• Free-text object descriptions
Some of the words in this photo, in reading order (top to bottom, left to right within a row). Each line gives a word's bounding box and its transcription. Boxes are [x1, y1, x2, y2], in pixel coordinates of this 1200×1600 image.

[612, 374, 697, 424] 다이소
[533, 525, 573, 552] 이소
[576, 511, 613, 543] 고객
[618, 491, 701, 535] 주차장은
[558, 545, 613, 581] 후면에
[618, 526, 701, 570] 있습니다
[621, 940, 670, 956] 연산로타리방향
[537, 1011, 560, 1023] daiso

• Task objective
Could you output every record above exactly as written?

• Output for this task
Some of the words in this photo, in reading order (top to bottom, left to right within a row). Each line gives a word's bounding box and its transcription. Boxes are [x1, y1, x2, y2], in pixel coordinates of this 1200×1600 image.

[612, 374, 697, 424] 다이소
[533, 525, 573, 552] 이소
[576, 511, 613, 543] 고객
[618, 491, 701, 535] 주차장은
[558, 545, 613, 581] 후면에
[618, 526, 701, 570] 있습니다
[621, 940, 670, 956] 연산로타리방향
[537, 1011, 560, 1023] daiso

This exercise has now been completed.